Try it
Every entry below must be transcribed word for word, and the images must be left out.

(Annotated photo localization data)
+ + + +
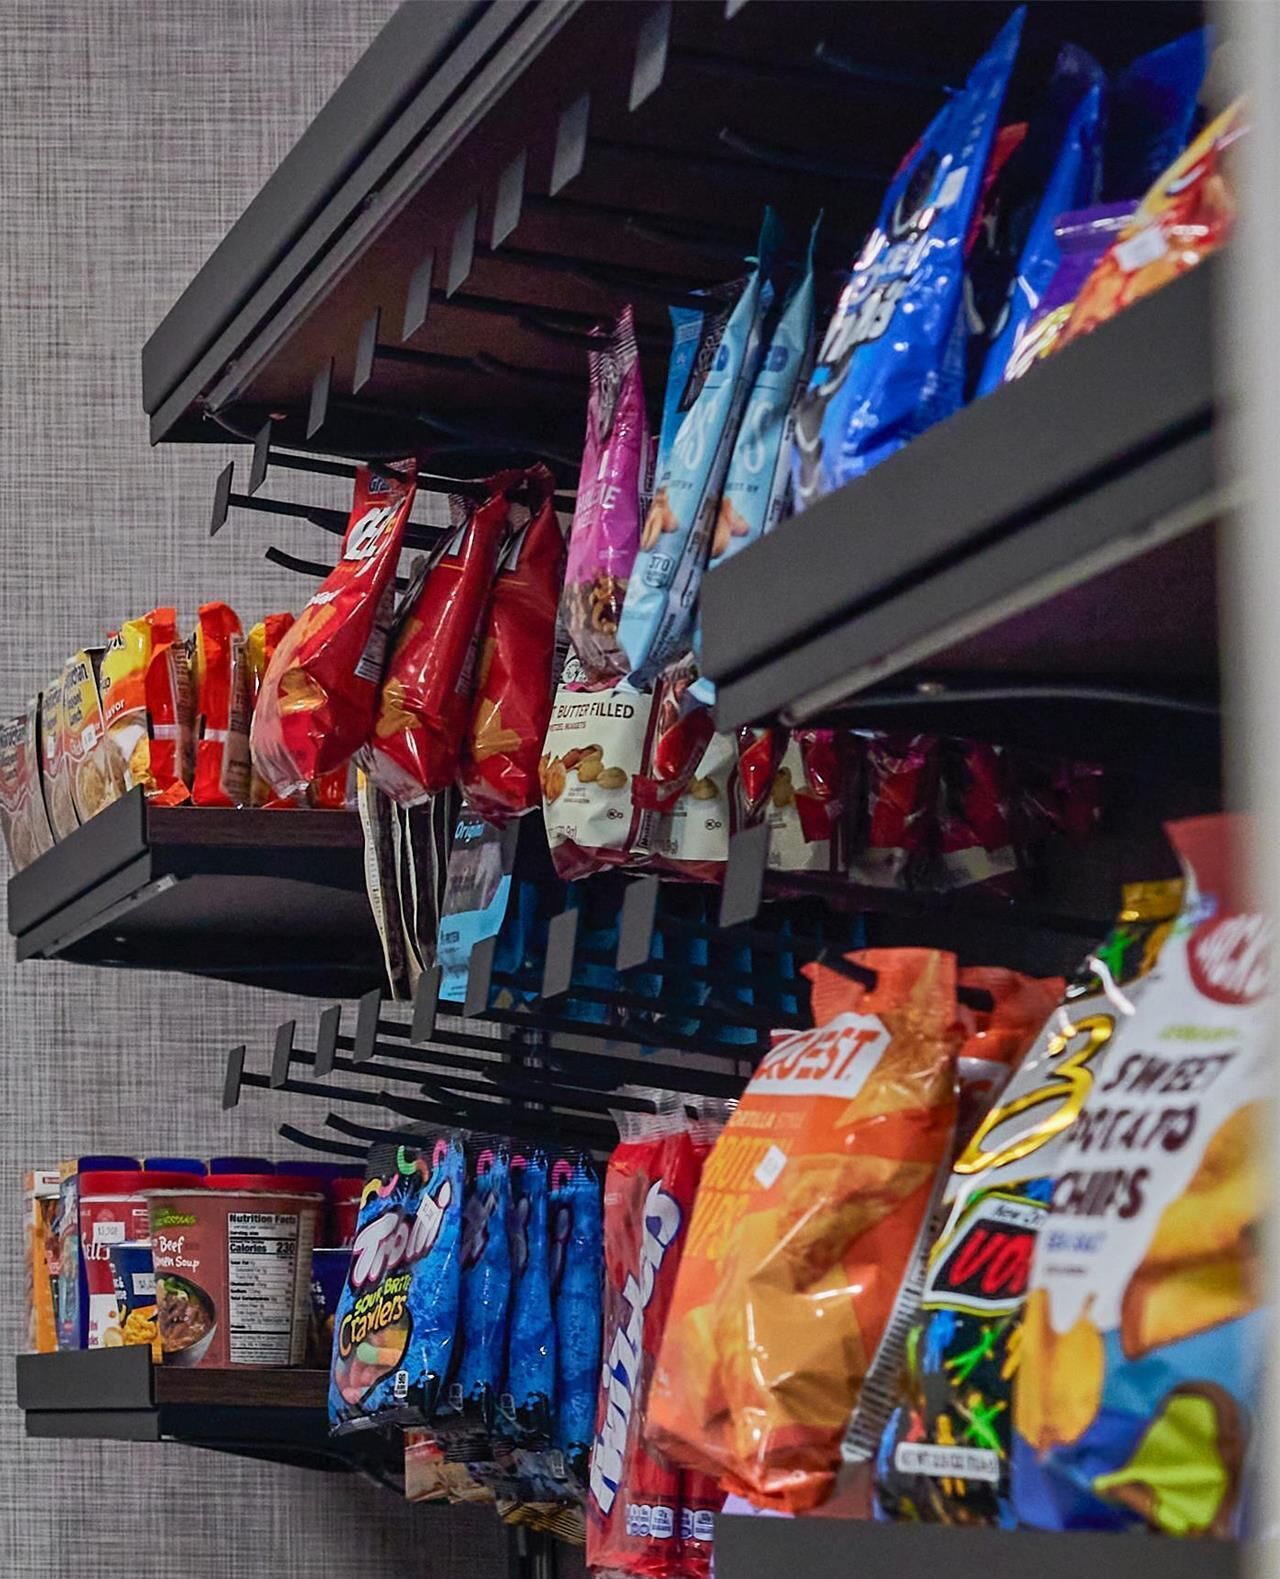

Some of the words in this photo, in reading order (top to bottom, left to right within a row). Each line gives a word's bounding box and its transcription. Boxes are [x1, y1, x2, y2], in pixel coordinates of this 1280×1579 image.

[649, 556, 670, 572] 370
[557, 704, 590, 719] BUTTER
[590, 703, 635, 719] FILLED
[1101, 1053, 1237, 1094] SWEET
[230, 1214, 273, 1224] Nutrition
[274, 1214, 297, 1224] Facts
[159, 1236, 185, 1253] Beef
[230, 1243, 267, 1254] Calories
[176, 1256, 200, 1273] Soup
[355, 1290, 382, 1317] SOUR
[341, 1295, 407, 1358] Crawlers
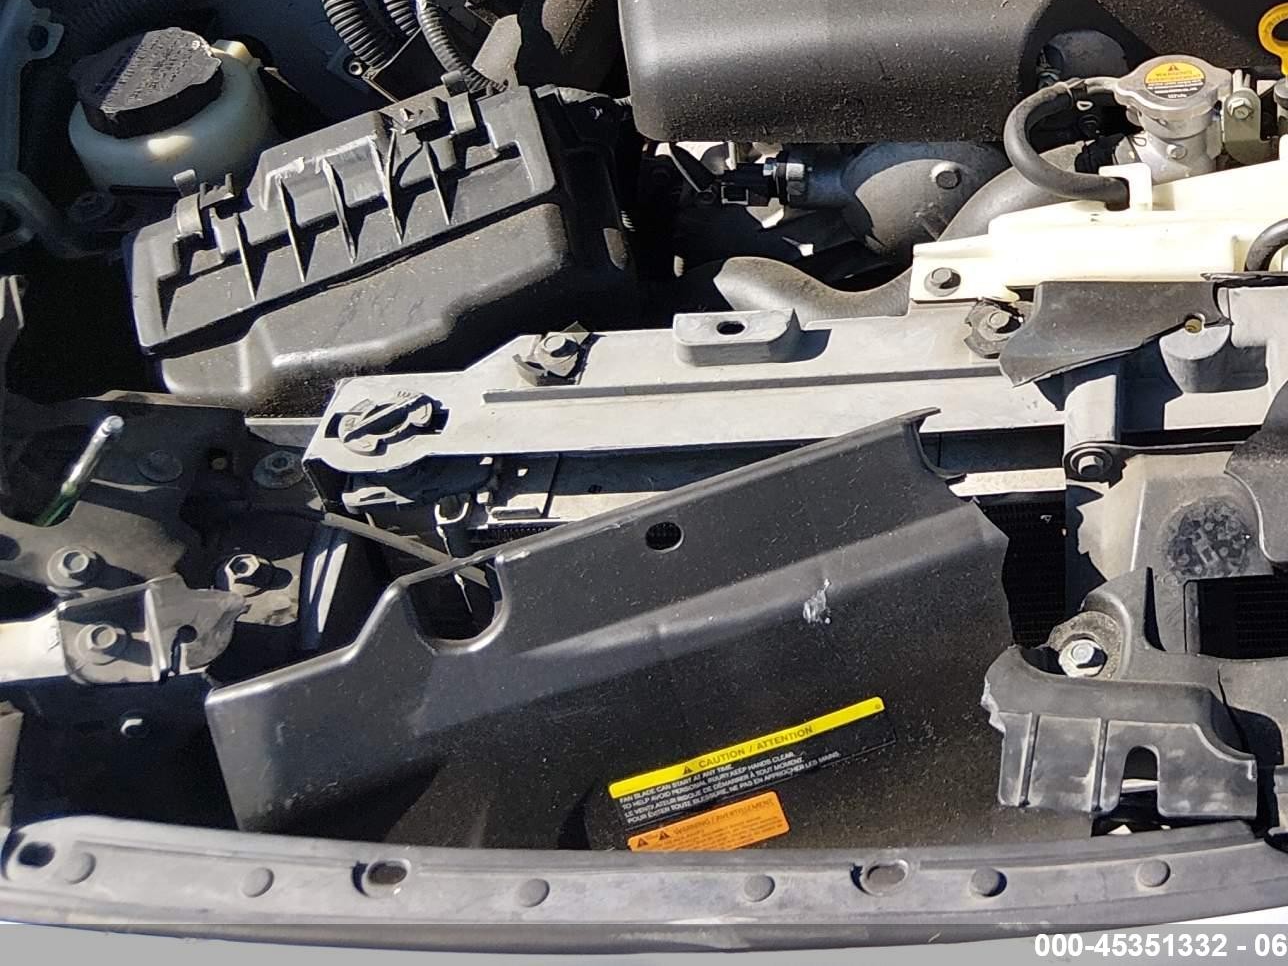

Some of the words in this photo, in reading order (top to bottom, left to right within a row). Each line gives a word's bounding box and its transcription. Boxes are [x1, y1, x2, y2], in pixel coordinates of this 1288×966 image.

[698, 747, 745, 768] CAUTION
[756, 725, 813, 750] ATTENTION
[619, 795, 633, 803] FAN
[634, 788, 656, 799] BLADE
[656, 784, 671, 792] CAN
[633, 797, 650, 807] HELP
[651, 791, 671, 801] AVOID
[627, 813, 647, 824] POUR
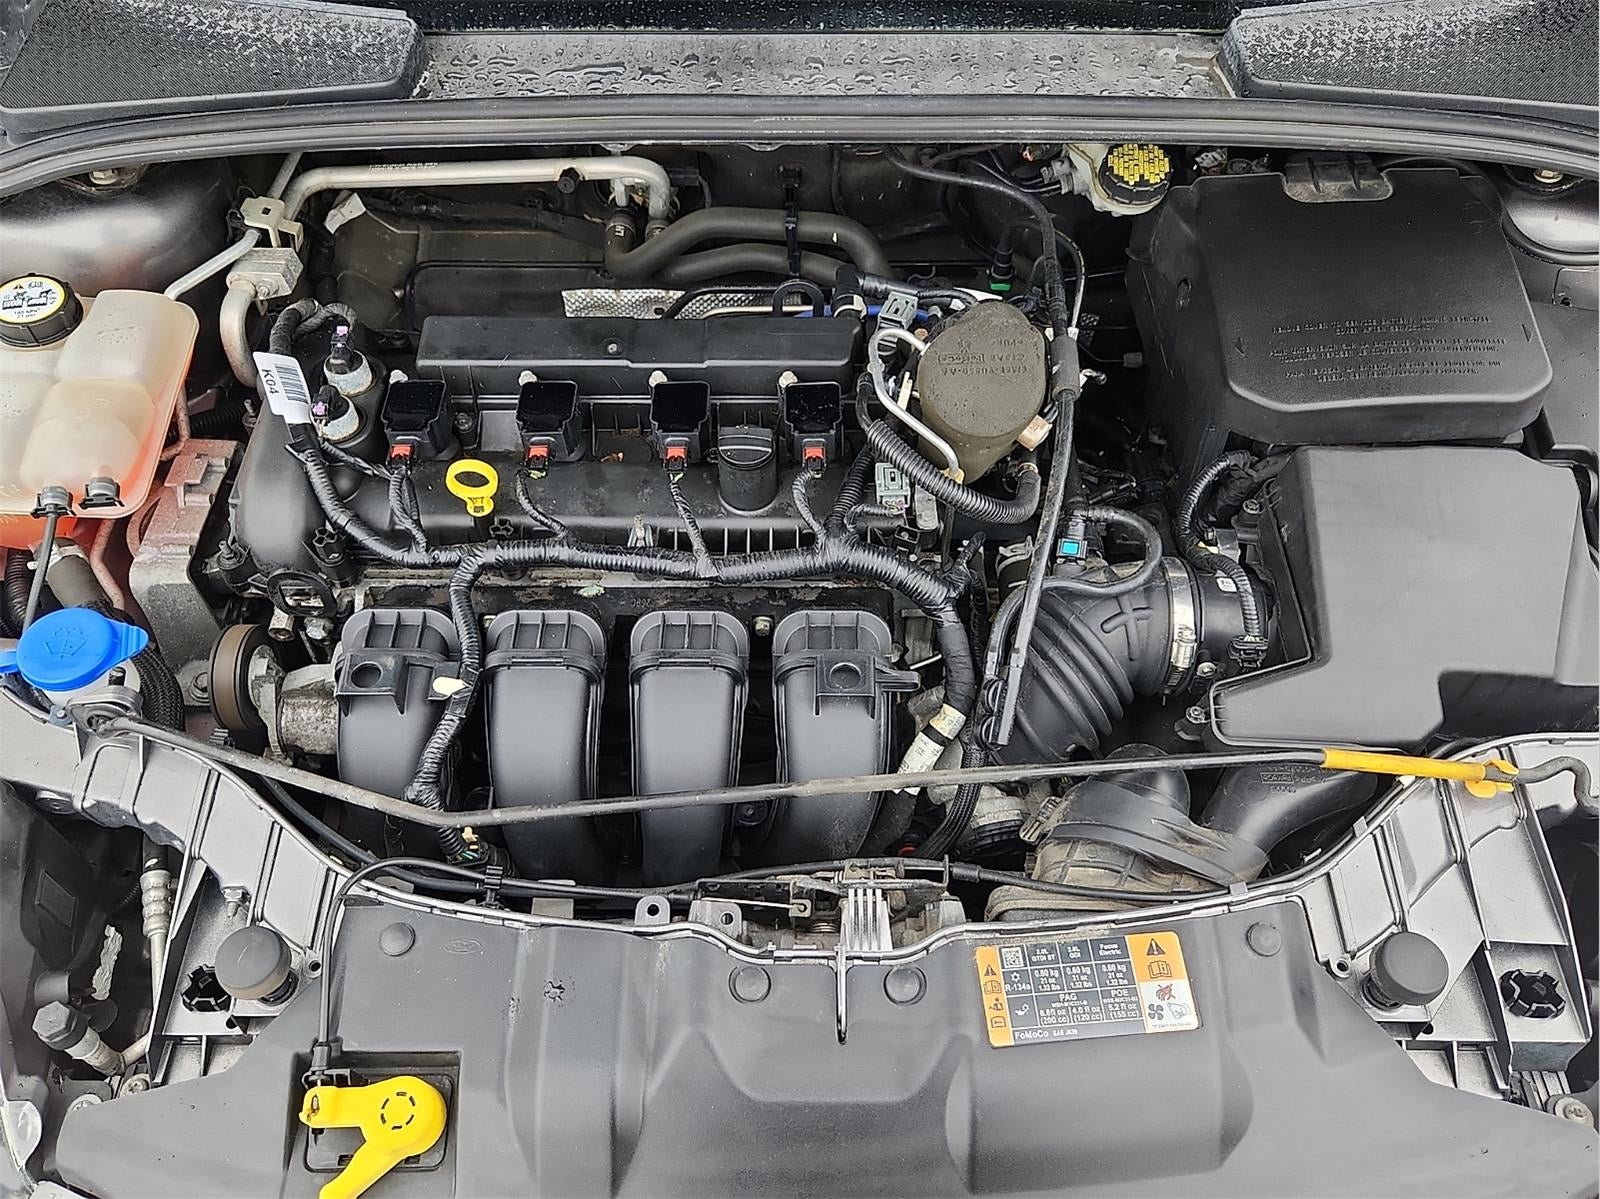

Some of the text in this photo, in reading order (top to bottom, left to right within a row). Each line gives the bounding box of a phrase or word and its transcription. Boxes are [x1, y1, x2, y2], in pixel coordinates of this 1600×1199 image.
+ + + +
Response to this exercise
Some of the words in this photo, in reading order (top to bottom, left to right within a row). Each line gives a word's bounding box and its transcription. Boxes are [x1, y1, x2, y2], in pixel coordinates of this 1280×1579 image.

[649, 556, 670, 572] 370
[557, 704, 590, 719] BUTTER
[590, 703, 635, 719] FILLED
[1101, 1053, 1237, 1094] SWEET
[230, 1214, 273, 1224] Nutrition
[274, 1214, 297, 1224] Facts
[159, 1236, 185, 1253] Beef
[230, 1243, 267, 1254] Calories
[176, 1256, 200, 1273] Soup
[355, 1290, 382, 1317] SOUR
[341, 1295, 407, 1358] Crawlers

Some of the words in this photo, in reading order (top to bottom, left to right within a row). Each line gives a word's bounding box and its transcription. Boxes are [x1, y1, x2, y2], in pixel coordinates of this 1288×966 image.

[698, 747, 745, 768] CAUTION
[756, 725, 813, 750] ATTENTION
[619, 795, 633, 803] FAN
[634, 788, 656, 799] BLADE
[656, 784, 671, 792] CAN
[633, 797, 650, 807] HELP
[651, 791, 671, 801] AVOID
[627, 813, 647, 824] POUR

Some of the text in this photo, in reading order (top to bottom, left to right within a row). Each line gives the bounding box of a phrase or word and its transcription. Boxes are [x1, y1, x2, y2], in pixel coordinates of this 1600×1199 image.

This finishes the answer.